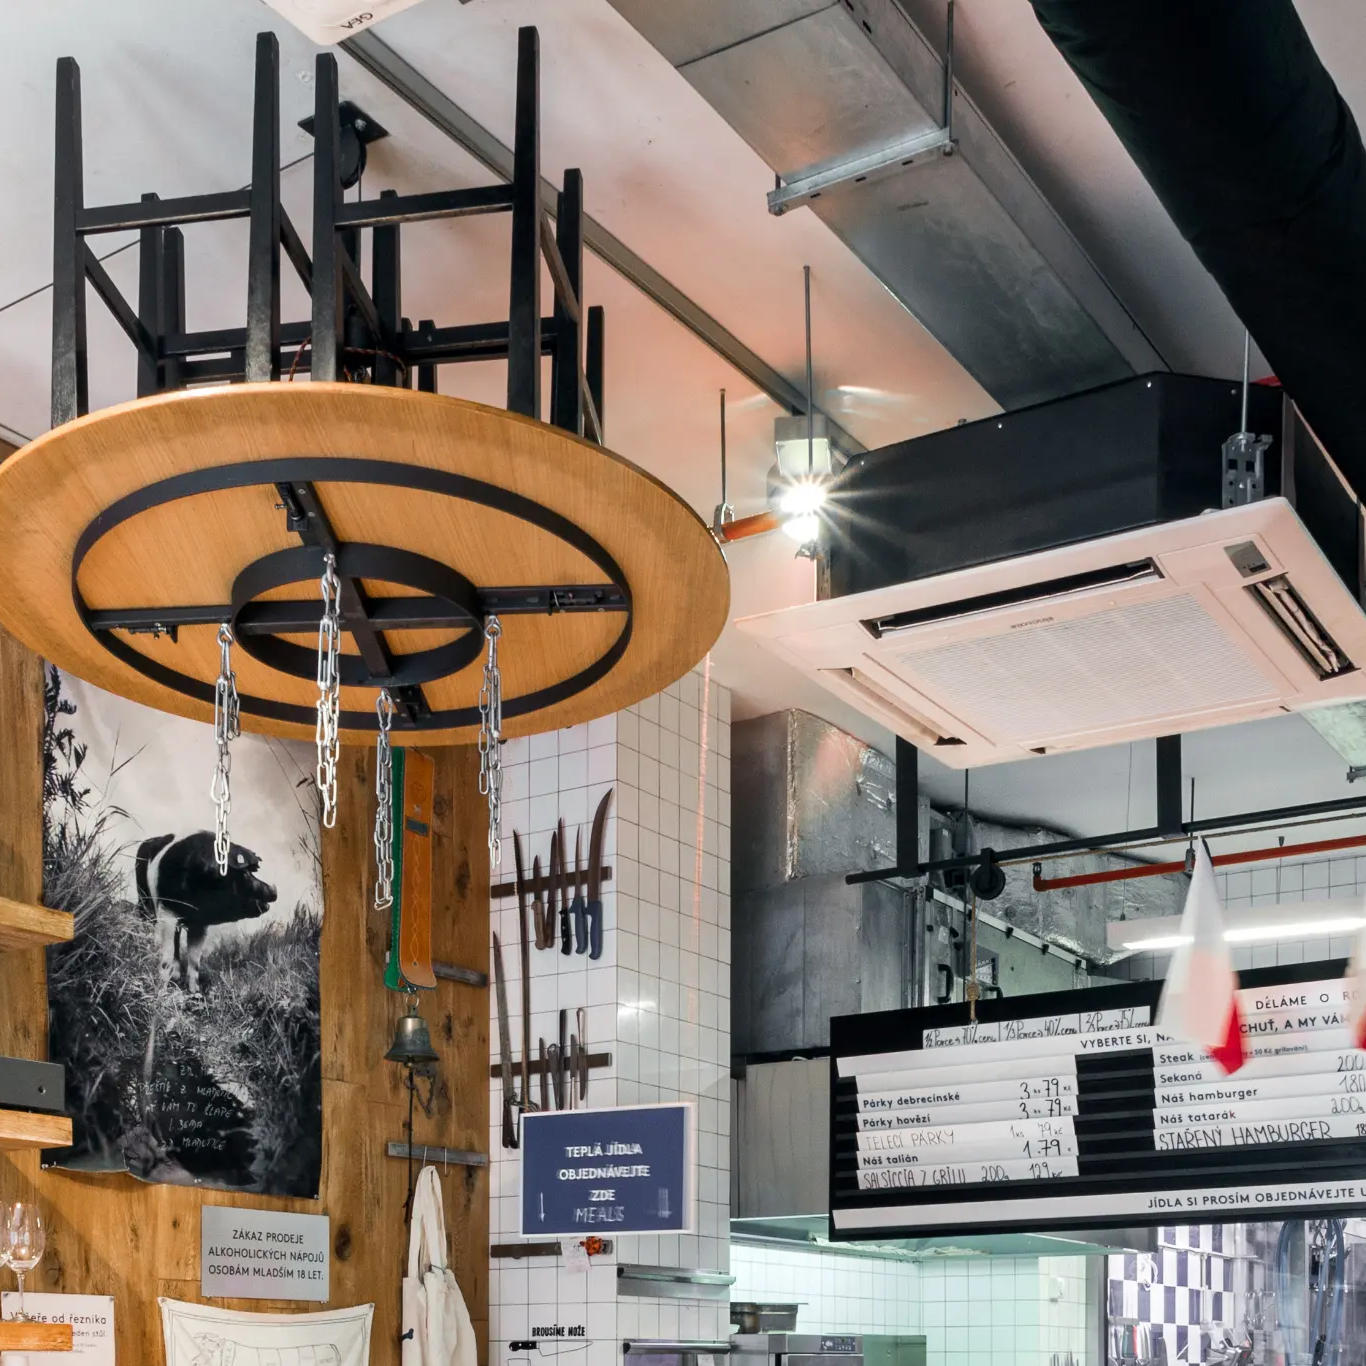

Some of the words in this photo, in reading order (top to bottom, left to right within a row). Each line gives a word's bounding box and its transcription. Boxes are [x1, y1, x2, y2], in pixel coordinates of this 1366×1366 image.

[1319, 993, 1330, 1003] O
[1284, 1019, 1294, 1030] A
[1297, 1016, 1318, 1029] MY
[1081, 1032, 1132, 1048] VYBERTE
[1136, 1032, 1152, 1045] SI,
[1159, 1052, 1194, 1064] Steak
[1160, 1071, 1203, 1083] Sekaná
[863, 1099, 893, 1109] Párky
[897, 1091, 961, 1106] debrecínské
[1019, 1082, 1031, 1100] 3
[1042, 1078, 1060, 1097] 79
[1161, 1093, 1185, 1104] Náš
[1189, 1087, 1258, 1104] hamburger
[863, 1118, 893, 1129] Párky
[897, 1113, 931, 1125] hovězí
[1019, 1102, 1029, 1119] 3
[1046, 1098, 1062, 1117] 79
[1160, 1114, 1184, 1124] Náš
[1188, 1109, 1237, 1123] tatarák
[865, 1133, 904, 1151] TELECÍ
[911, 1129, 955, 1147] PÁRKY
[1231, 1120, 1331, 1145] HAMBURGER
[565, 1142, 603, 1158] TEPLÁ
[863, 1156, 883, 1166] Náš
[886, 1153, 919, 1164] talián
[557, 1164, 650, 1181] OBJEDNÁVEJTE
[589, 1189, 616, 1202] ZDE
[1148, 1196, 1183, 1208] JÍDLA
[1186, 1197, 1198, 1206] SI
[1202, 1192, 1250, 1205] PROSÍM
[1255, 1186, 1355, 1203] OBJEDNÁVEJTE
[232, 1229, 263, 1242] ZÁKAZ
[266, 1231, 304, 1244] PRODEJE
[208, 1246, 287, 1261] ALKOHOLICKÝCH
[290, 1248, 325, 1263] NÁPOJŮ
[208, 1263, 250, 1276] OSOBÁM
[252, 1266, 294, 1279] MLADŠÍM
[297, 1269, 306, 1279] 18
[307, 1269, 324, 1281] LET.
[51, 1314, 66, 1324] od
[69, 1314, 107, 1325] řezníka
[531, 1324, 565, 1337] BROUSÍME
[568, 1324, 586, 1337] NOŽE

PROBLEM DESCRIPTION
For the data above, state how many of its lines contain the word "OBJEDNÁVEJTE", giving no other text.

REPLY
2